Vieron el apogeo del Cream Helado de la Calle 67 y del radio transistor. Vieron como las niñas bonitas de sociedad empezaban a trabajar en bancos y “compañías importantes”. Vieron cómo los bólidos go-gós (o ye-yés) reemplazaban, con sentido de la aventura mucho más excitante, a las antiguas carreras de observación. Vieron cómo aparecía la tarjeta de crédito (unos le decían Diners y otros Dainers) y cómo languidecían las ventas por clubes que jugaban con las dos últimas cifras de la Lotería de Cundinamarca.
Los años sesenta vieron cómo el Niño Dios, obligado a comprar artículos nacionales, poblaba los hogares decembrinos con el muñeco Ricardo. Vieron al Monte Blanco antes que se volviera lobo y al antiguo campo de Marte del Tout-Va-Bien convertido en melancólico puesto de empanadas.
Vieron las primeras misas en español y la desaparición de las pañoletas en las iglesias. Vieron los primeros secuestros y los últimos reinados de belleza en que los colombianos se trasnochaban para saber qué candidata había ganado. Vieron los mil goles de Pelé y la hegemonía de “Cochise” Rodríguez en la Vuelta a Colombia.
Vieron la invasión de República Dominicana por tropas de los Estados Unidos y la de Praga por tanques soviéticos. Vieron a los estudiantes rebeldes cuando hacían tambalear el gobierno francés en 1968 y la derrota moral que produjo la guerra de Viet Nam al norteamericano años antes que se produjera la derrota militar.
Vieron al poeta ruso Eugenio Evtuchenko vivir la gran vida en Colombia, y al líder negro gringo Martin Luther King doblarse abaleado en Memphis. Vieron subir a Moisés Tshombe en el Congo y caer al secretario británico de Defensa John Profumo por hacer el amor, no la guerra.
Vieron estallar la primera bomba atómica china y el primer trasplante del corazón en África del Sur.

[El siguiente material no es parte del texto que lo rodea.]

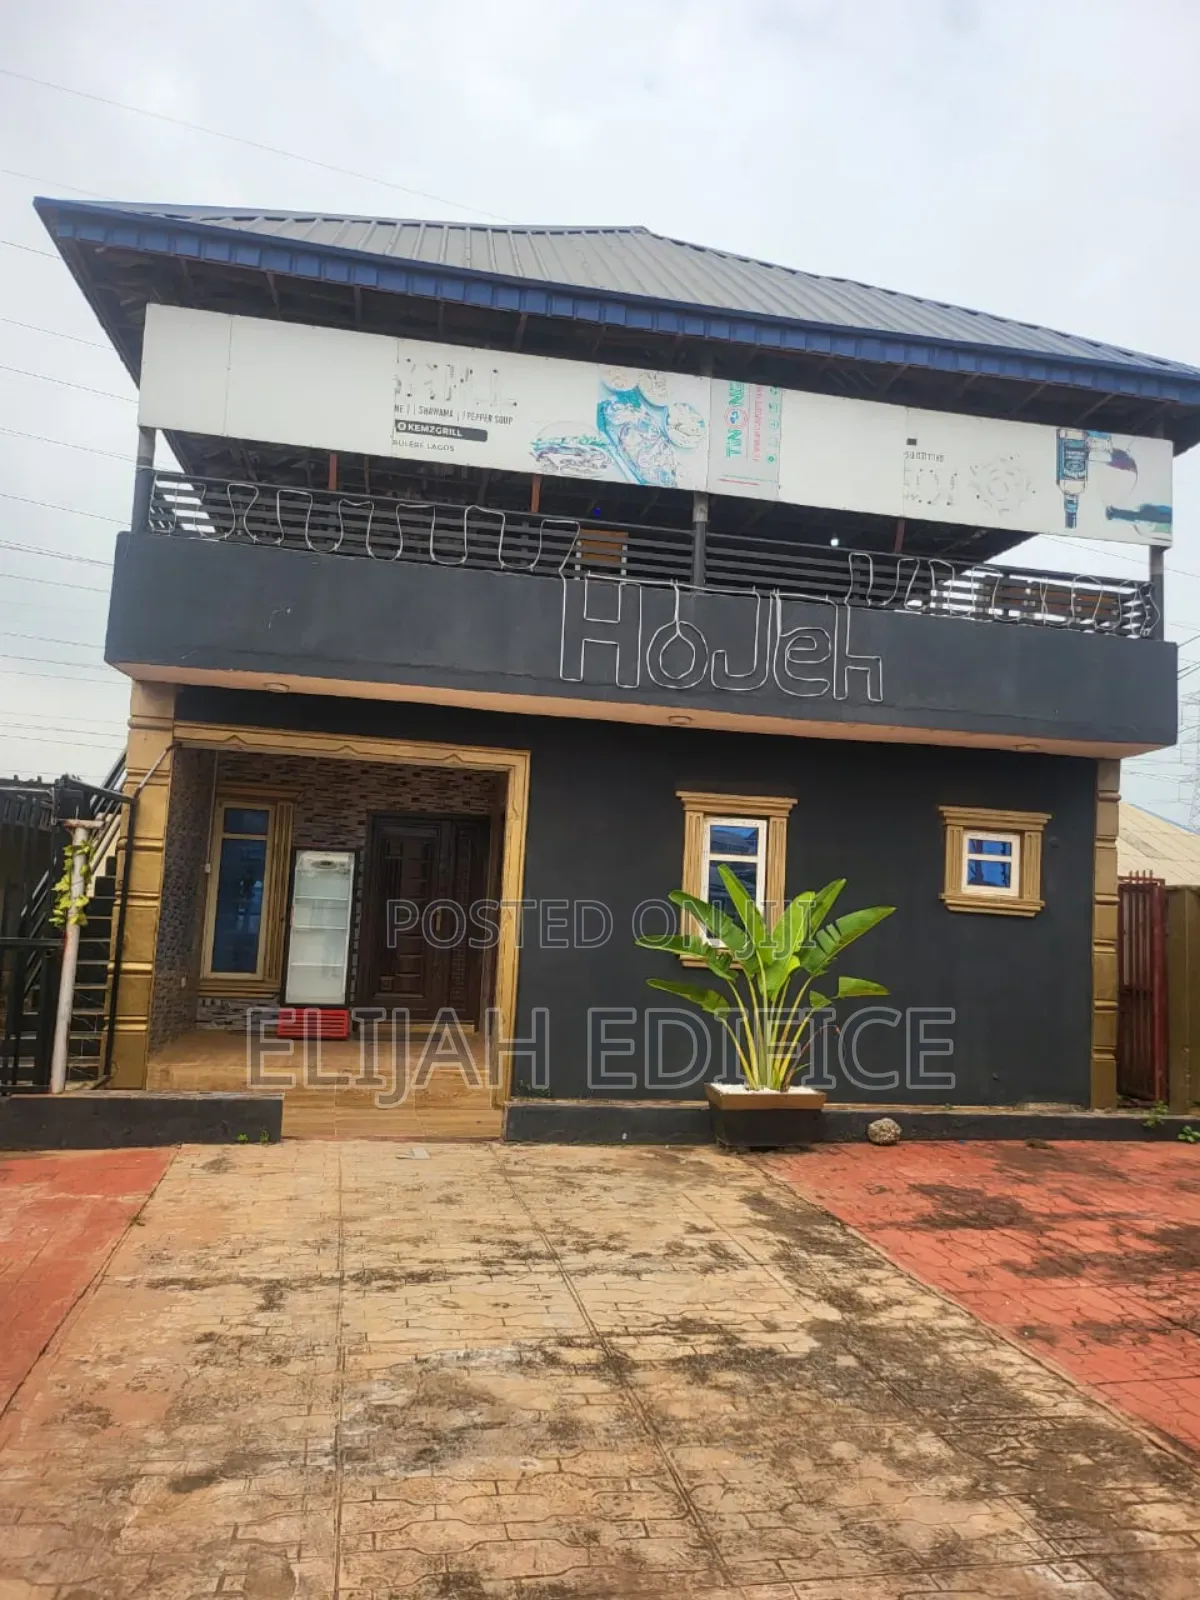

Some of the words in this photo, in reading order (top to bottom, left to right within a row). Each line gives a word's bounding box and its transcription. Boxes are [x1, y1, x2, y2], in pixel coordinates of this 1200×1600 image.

Vieron morir a dos de los Kennedy y nacer a Diego Armando Maradona.
Vieron el primer número de la Revista Diners y el último de La Nueva Prensa.
La década de los sesenta agitada, romántica, alocada, violenta terminó realmente el 20 de julio de 1969, cuando la humanidad logró el último avance espectacular de su historia: la llegada del hombre a la Luna.
Después siguieron años tensos, prosaicos, cada vez más amenazadores y más sórdidos. El hippy había salido del calendario de las especies y había ocupado su puesto el ejecutivo moderno.